--- Problem to work on ---
Pictures aside, each entry has to be returned exactly as it stands.
== Source data
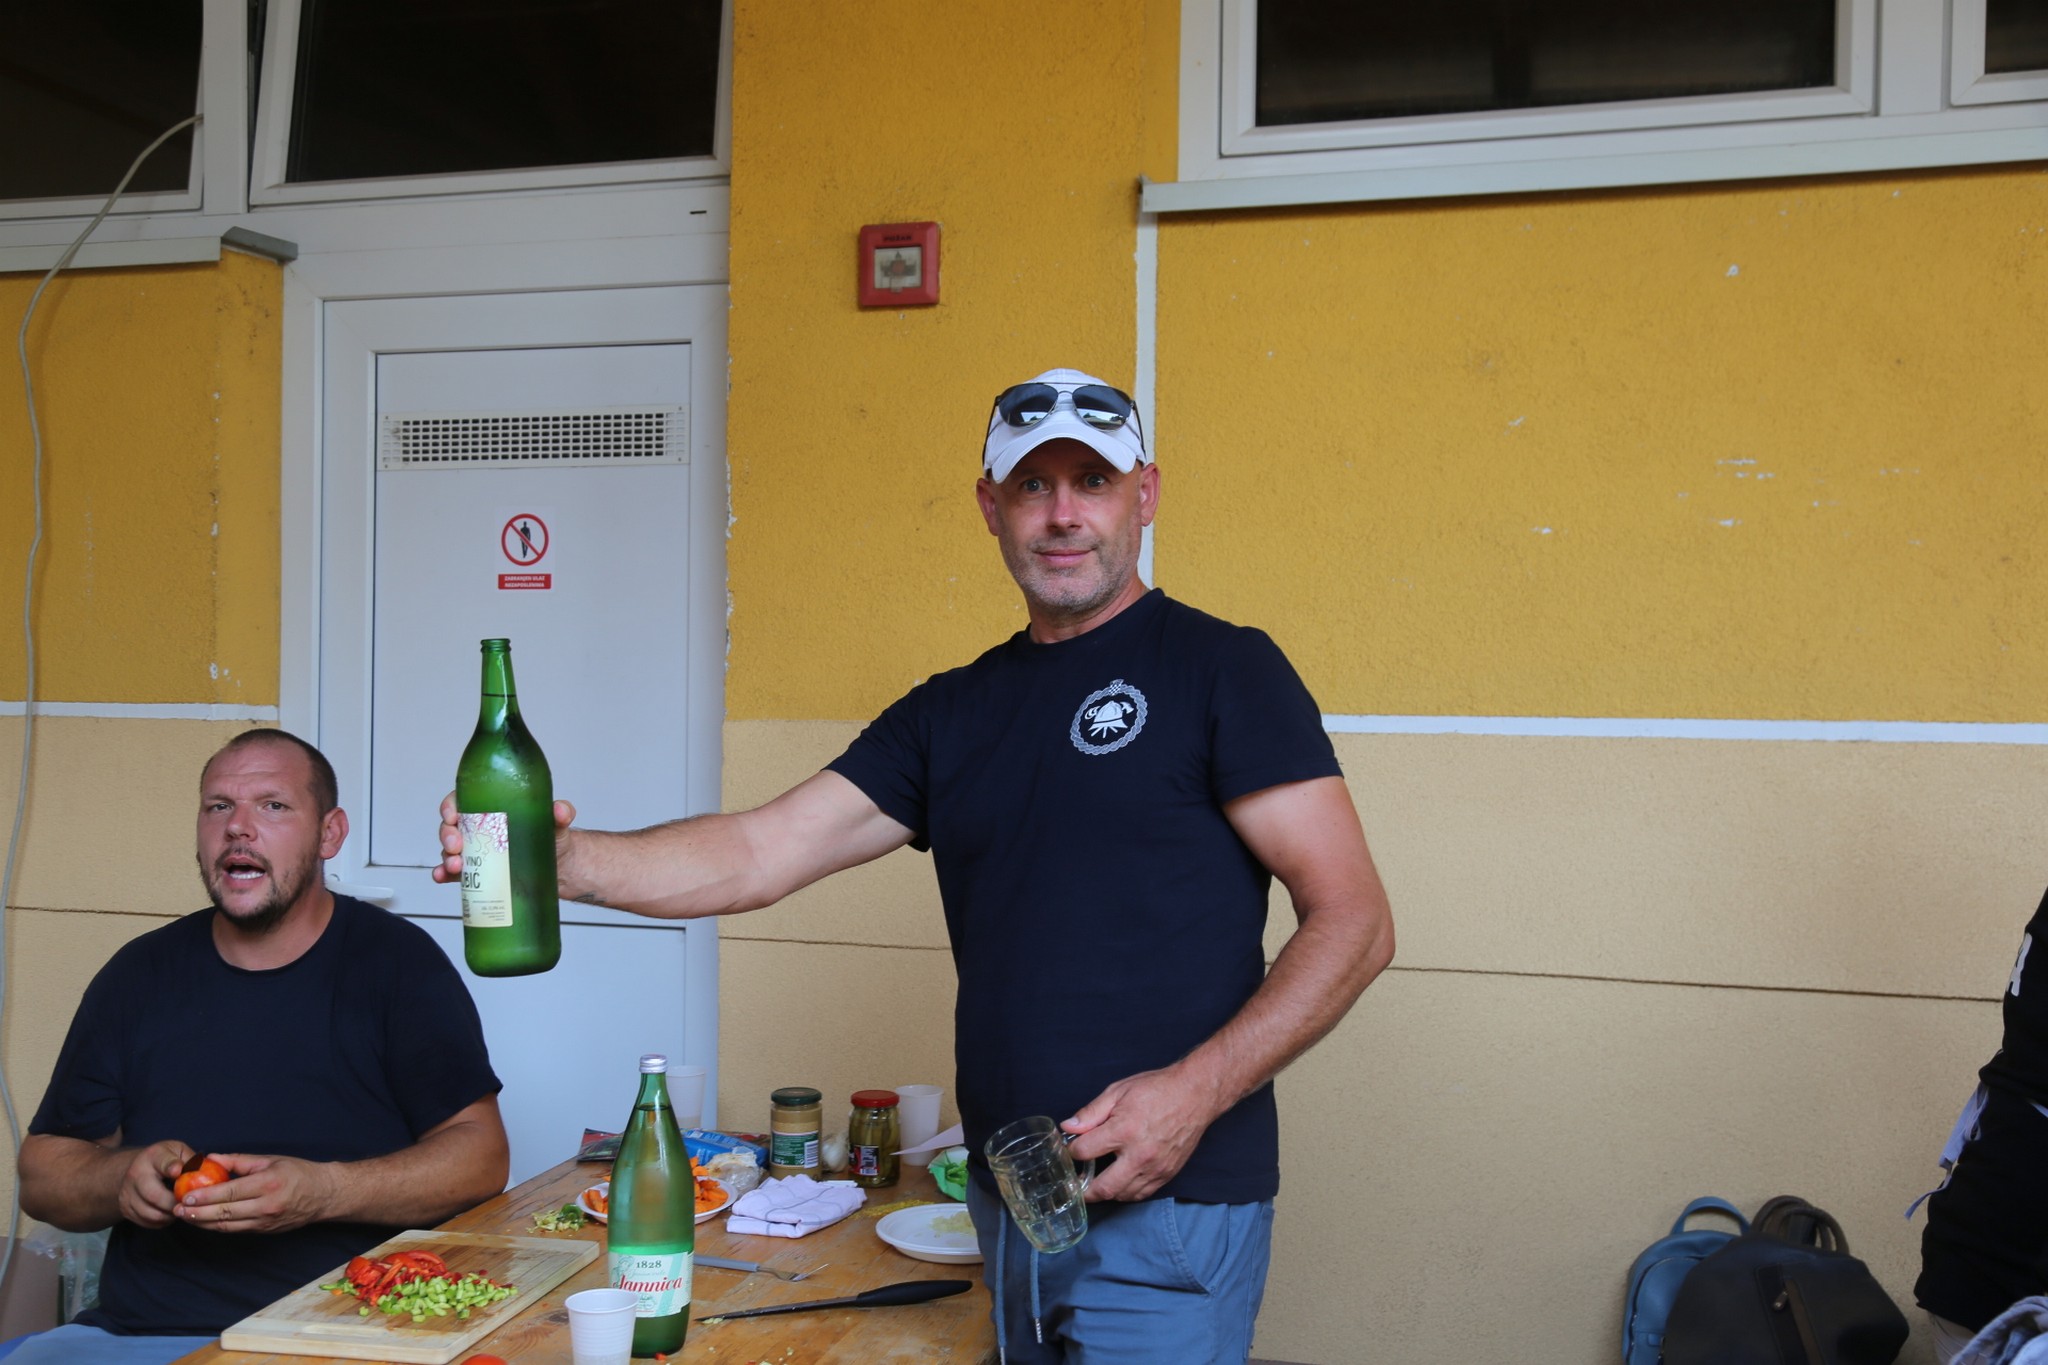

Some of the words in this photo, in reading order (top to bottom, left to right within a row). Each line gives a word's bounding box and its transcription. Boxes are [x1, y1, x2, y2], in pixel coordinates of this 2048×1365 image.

[466, 856, 482, 867] VINO
[636, 1260, 662, 1269] 1828
[612, 1274, 683, 1293] Jamnica
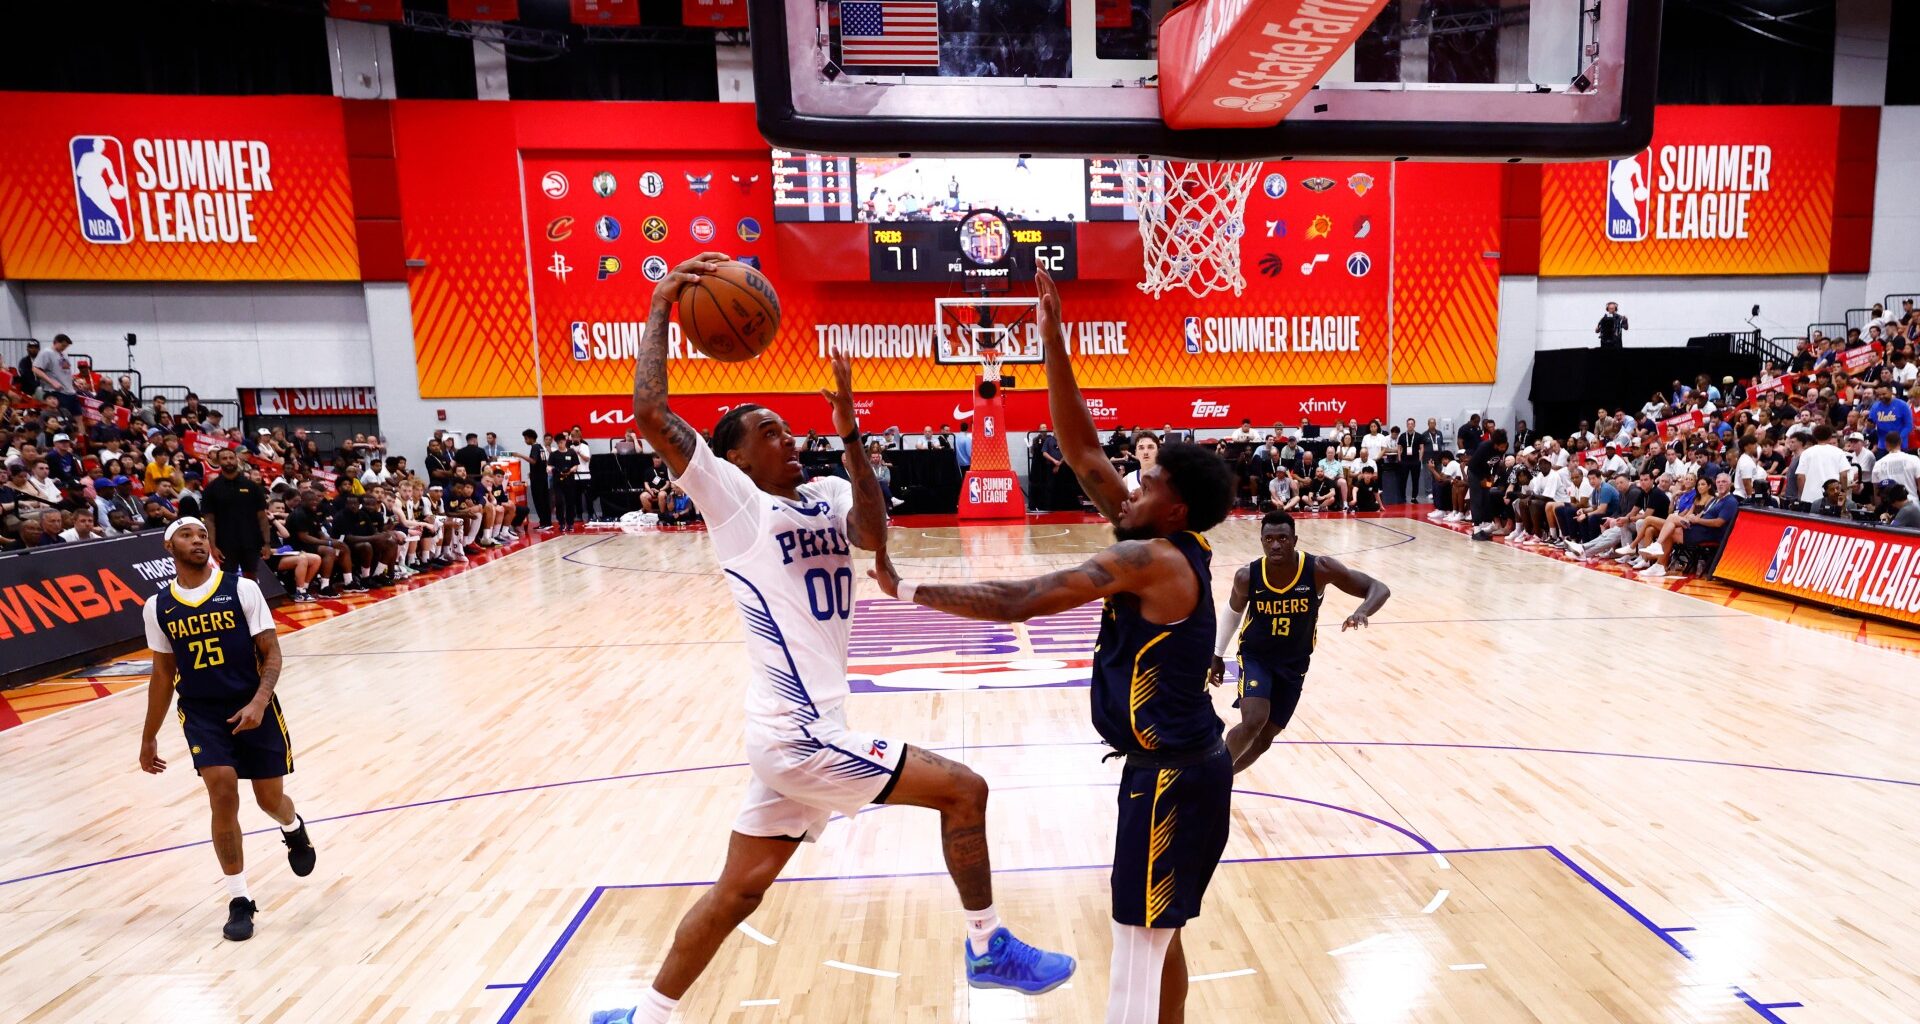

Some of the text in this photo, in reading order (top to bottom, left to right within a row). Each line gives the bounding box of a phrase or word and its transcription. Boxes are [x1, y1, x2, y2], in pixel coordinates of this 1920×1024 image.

[133, 138, 273, 191] SUMMER
[825, 161, 834, 172] 2
[840, 161, 847, 172] 1
[1658, 144, 1772, 192] SUMMER
[811, 176, 819, 188] 2
[826, 176, 835, 188] 2
[812, 192, 820, 203] 2
[827, 192, 836, 203] 3
[88, 219, 115, 236] NBA
[138, 191, 258, 243] LEAGUE
[1612, 219, 1633, 236] NBA
[1655, 193, 1751, 240] LEAGUE
[873, 230, 902, 244] 76ERS
[887, 246, 917, 271] 71
[976, 268, 1009, 277] TISSOT
[592, 322, 683, 360] SUMR
[815, 322, 952, 359] TOMORROW'S
[957, 322, 1020, 357] STRS
[1079, 320, 1129, 356] HERE
[1204, 316, 1360, 353] SUMMER LEAGUE
[294, 387, 377, 410] SUMMER
[1299, 397, 1347, 415] xfinity
[982, 477, 1013, 491] SUMMER
[982, 490, 1008, 503] LEAGUE
[775, 527, 850, 565] PHIL
[132, 556, 177, 581] THURS
[1781, 529, 1876, 600] SUMMER
[804, 567, 852, 621] 00
[1256, 598, 1309, 616] PACERS
[167, 610, 236, 640] PACERS
[1271, 617, 1290, 636] 13
[188, 637, 225, 670] 25
====
--- Answer space ---
Some of the words in this photo, in reading order (top to bottom, left to right within a row). Each line gives a word's bounding box and its transcription. Boxes are [x1, y1, x2, y2], in pixel coordinates of this 2048×1365 image.

[466, 856, 482, 867] VINO
[636, 1260, 662, 1269] 1828
[612, 1274, 683, 1293] Jamnica

Some of the text in this photo, in reading order (top to bottom, left to right within a row). Each line gives the bounding box of a phrase or word and its transcription. Boxes are [x1, y1, x2, y2], in pixel coordinates of this 1920×1024 image.

[133, 138, 273, 191] SUMMER
[825, 161, 834, 172] 2
[840, 161, 847, 172] 1
[1658, 144, 1772, 192] SUMMER
[811, 176, 819, 188] 2
[826, 176, 835, 188] 2
[812, 192, 820, 203] 2
[827, 192, 836, 203] 3
[88, 219, 115, 236] NBA
[138, 191, 258, 243] LEAGUE
[1612, 219, 1633, 236] NBA
[1655, 193, 1751, 240] LEAGUE
[873, 230, 902, 244] 76ERS
[887, 246, 917, 271] 71
[976, 268, 1009, 277] TISSOT
[592, 322, 683, 360] SUMR
[815, 322, 952, 359] TOMORROW'S
[957, 322, 1020, 357] STRS
[1079, 320, 1129, 356] HERE
[1204, 316, 1360, 353] SUMMER LEAGUE
[294, 387, 377, 410] SUMMER
[1299, 397, 1347, 415] xfinity
[982, 477, 1013, 491] SUMMER
[982, 490, 1008, 503] LEAGUE
[775, 527, 850, 565] PHIL
[132, 556, 177, 581] THURS
[1781, 529, 1876, 600] SUMMER
[804, 567, 852, 621] 00
[1256, 598, 1309, 616] PACERS
[167, 610, 236, 640] PACERS
[1271, 617, 1290, 636] 13
[188, 637, 225, 670] 25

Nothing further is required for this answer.